Figure 1. Exemplary course of the excess CO₂ and DFA-a1 data during the double ramp of one 23-year-old female participant (VO_2peak of 49 ml∙kg⁻¹∙min⁻¹). The method of determining VT1 by excess CO₂ (blue dots) and HRVT at DFA-a1 value of 0.75 is shown. DFA-a1 (red dots) is displayed over time with areas of linear regression in grey dots. Abbreviations: CO₂, carbon dioxide; DFA-a1, alpha1 of detrended fluctuation analysis; HRVT, heart rate variability threshold; VT1, first ventilatory threshold.

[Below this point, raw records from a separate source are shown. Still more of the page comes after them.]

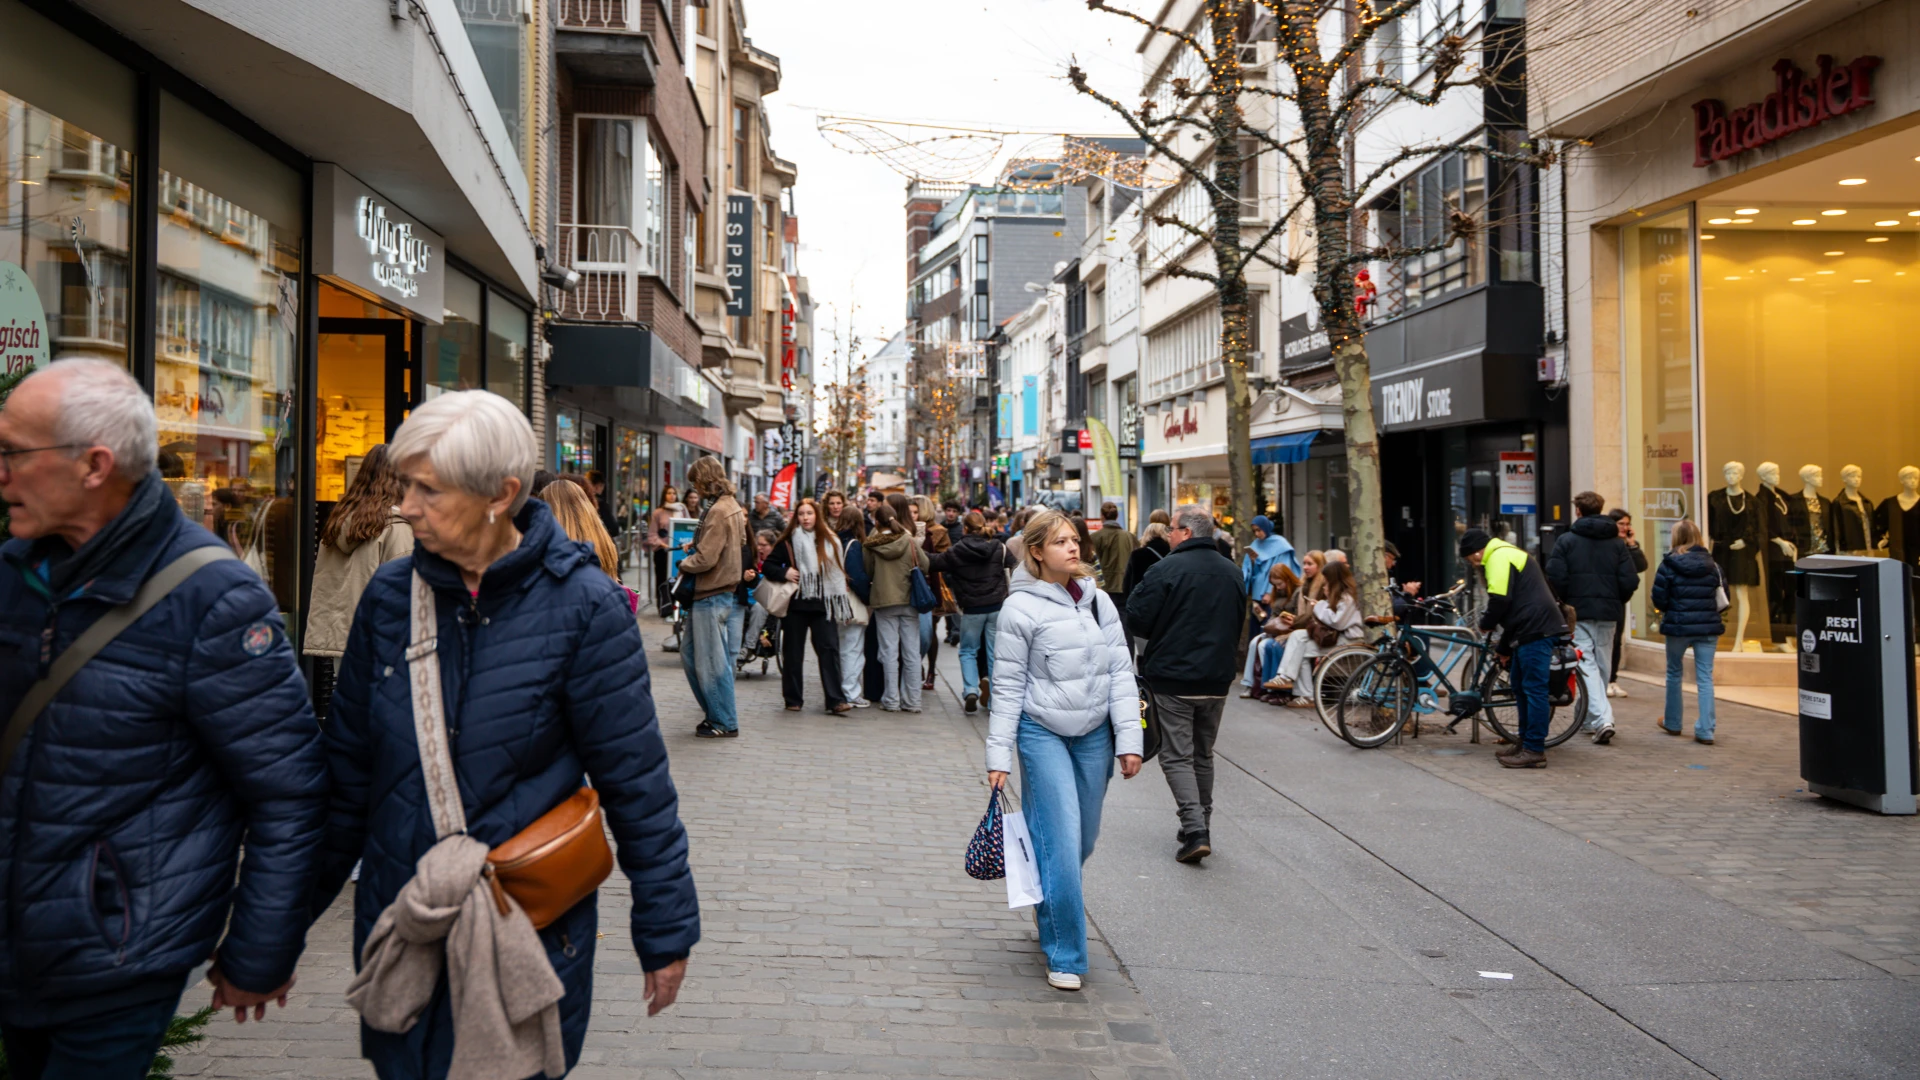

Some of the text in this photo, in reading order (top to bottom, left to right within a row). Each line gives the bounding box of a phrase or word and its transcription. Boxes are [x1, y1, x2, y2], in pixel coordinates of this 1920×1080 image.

[1691, 54, 1884, 168] Paradisier
[727, 201, 743, 310] ESPRIT
[1382, 377, 1451, 425] TRENDY STORE
[1646, 446, 1678, 458] Paradisier
[1506, 464, 1533, 474] MCA
[1826, 616, 1857, 629] REST
[1819, 630, 1858, 644] AFVAL
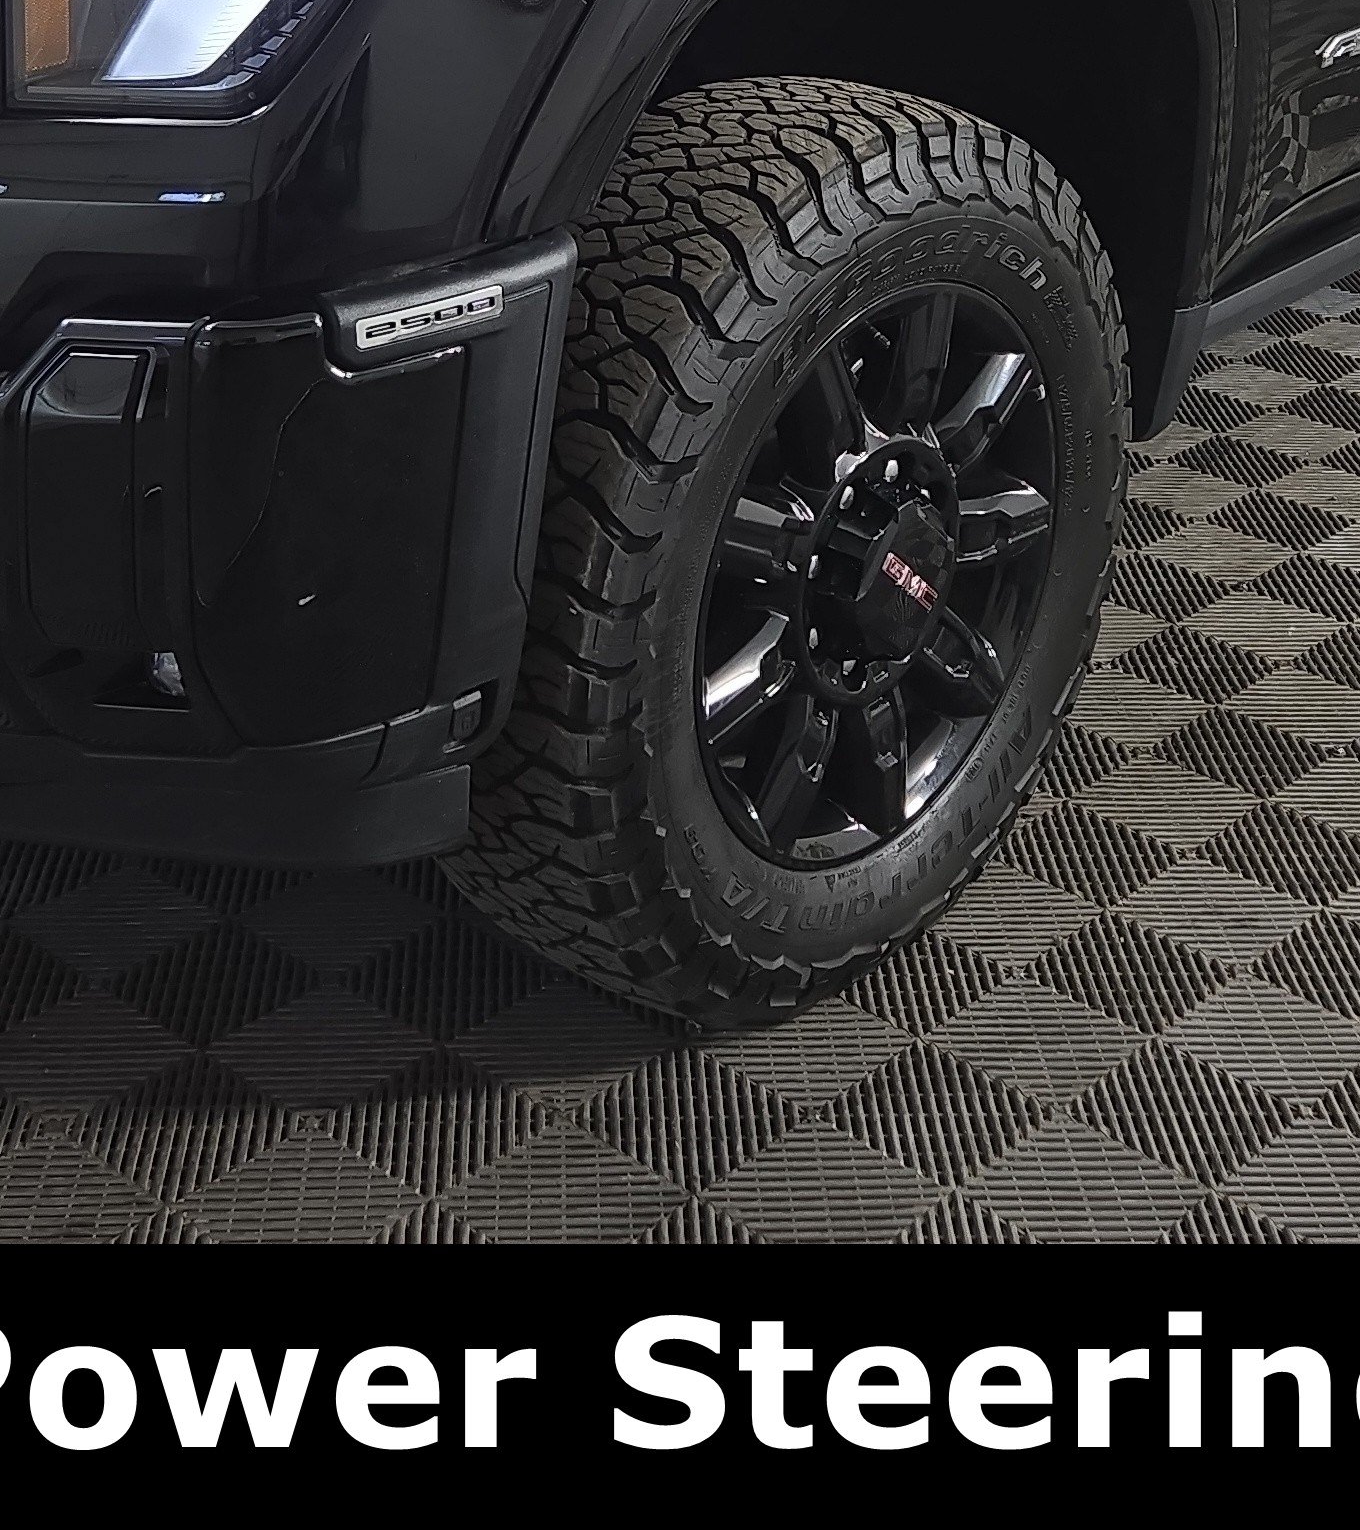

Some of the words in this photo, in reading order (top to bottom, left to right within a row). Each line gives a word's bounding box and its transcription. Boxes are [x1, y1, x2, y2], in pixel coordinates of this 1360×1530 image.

[364, 295, 497, 340] 2500
[765, 219, 1052, 389] BFGoodrich
[882, 551, 939, 614] GMC

RR data were exported as a text file for analysis in Kubios HRV Premium Software Version 3.5. Preprocess settings were at the default values and RR detrending method was at “Smoothness priors” (Lambda = 500). RR-interval series were corrected by the Kubios “automatic threshold”. DFA-a1 window width was defined to 4 ≤ n ≤ 16 beats. Before analysis, all tachograms were inspected to distinguish and correct artefacts. To minimise DFA-a1 bias, the acceptable limit of participant-related artefact was kept ≤ 3% (Rogers et al., 2021b). Based on previous studies (Rogers et al., 2021, 2021), a DFA-a1 value of 0.75 was selected for HRVT detection. The following method was employed to determine the VO₂ and HR at the HRVT: The Kubios HRV data output (HR and DFA-a1) was first time-aligned with the Omnical-based gas exchange data (VO₂). A plot of HR vs DFA-a1 and HR vs VO₂ for each ramp section of near linear decline of DFA-a1 was subsequently constructed in line with previous research (Rogers et al., 2021). The VO₂ or HR at which DFA-a1 crossed the 0.75 value based on linear regression was set as the HRVT VO₂ or HRVT HR respectively (Figure 1 and S1). Finally, the VO₂ and HR at HRVT were compared to the VO₂ and HR at the respiratory gas analysis-derived VT1. Furthermore, the VO₂ and HR at the respiratory gas analysis-derived VT1 and HRVT of the first ramp was compared to the VO₂ and HR at the respiratory gas analysis-derived VT1 and HRVT of the second ramp to investigate the influence of fatigue.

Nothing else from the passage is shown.